5. moelle osseuse la différenciation des cellules dans la moelle osseuse provenant de cellules dendritiques

  1. Suivre le protocole pour BMDMs avec les ajustements spécifiques pour BMDCs étapes 5.2 à 5.4 décrites ci-dessous.
  2. Resuspendre le culot obtenu des cellules de moelle osseuse en DMEMsupplemented avec 10 % de BF et d’antibiotiques et de compter les cellules (en suivant étape 4.1 du protocole de macrophages). Pour la différenciation en cellules dendritiques, plaque 1 – 1.5 x 107 cellules de moelle osseuse dans une 10 cm non-culture de tissus traités Pétri (bactérienne) dans 10 mL de médias DMEM préalablement préparés avec du sérum et GM-CSF (de l’étape 1.4.).
  3. Suivez les mêmes étapes de culture comme protocole BMDM (étapes 4.3 – 4,5. Protocole de macrophages).

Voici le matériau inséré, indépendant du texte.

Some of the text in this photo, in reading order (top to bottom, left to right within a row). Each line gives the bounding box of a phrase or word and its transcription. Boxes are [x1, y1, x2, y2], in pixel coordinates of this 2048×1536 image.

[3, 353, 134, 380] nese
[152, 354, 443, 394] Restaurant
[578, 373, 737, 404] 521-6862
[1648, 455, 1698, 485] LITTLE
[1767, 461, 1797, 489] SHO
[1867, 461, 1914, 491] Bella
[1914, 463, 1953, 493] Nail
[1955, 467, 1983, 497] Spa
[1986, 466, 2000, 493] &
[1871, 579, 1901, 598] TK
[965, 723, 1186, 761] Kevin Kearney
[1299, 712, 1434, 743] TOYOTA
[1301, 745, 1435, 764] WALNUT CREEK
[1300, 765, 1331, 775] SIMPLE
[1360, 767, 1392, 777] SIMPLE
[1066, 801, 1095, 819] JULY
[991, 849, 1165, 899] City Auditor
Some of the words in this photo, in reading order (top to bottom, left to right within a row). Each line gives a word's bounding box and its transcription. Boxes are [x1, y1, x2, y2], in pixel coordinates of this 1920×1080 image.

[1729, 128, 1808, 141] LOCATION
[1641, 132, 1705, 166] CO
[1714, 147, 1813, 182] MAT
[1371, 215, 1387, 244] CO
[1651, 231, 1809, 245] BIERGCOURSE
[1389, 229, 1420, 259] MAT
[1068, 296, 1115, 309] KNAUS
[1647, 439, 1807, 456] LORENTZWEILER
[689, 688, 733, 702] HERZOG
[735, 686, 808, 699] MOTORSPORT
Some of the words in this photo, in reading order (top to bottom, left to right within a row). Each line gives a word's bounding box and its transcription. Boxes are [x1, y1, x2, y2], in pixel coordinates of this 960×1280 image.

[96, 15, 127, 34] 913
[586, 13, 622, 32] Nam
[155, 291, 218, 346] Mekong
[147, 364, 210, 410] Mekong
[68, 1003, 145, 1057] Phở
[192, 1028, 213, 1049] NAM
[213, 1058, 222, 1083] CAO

Utiliser les médias DMEM avec du sérum et GM-CSF, au lieu de M-CSF. Étant donné que pour BMDCs le temps de culture est plus long (généralement 10 à 12 jours), ajouter 1 à 2 tétées supplémentaires dans les 3 jours d’intervalle (en enlevant le surnageant et ajout d’un nouveau média de culture tel que décrit dans l’étape 4.5.).
  4. Cette partie du protocole est pratiquement identique à la partie correspondante du protocole macrophage (étapes 4,6 – 4.12. Protocole de macrophages). Pour des expériences utilisent uniquement des cellules adhérentes. Jour 10-12, recueillir les cellules à l’aide d’EDTA, compter et leur plaque sur une nouvelle surface. Vérifier l’expression des marqueurs de surface de la différenciation des cellules dendritiques (CD11c +, CD11b + F4/80-) par cytométrie en flux.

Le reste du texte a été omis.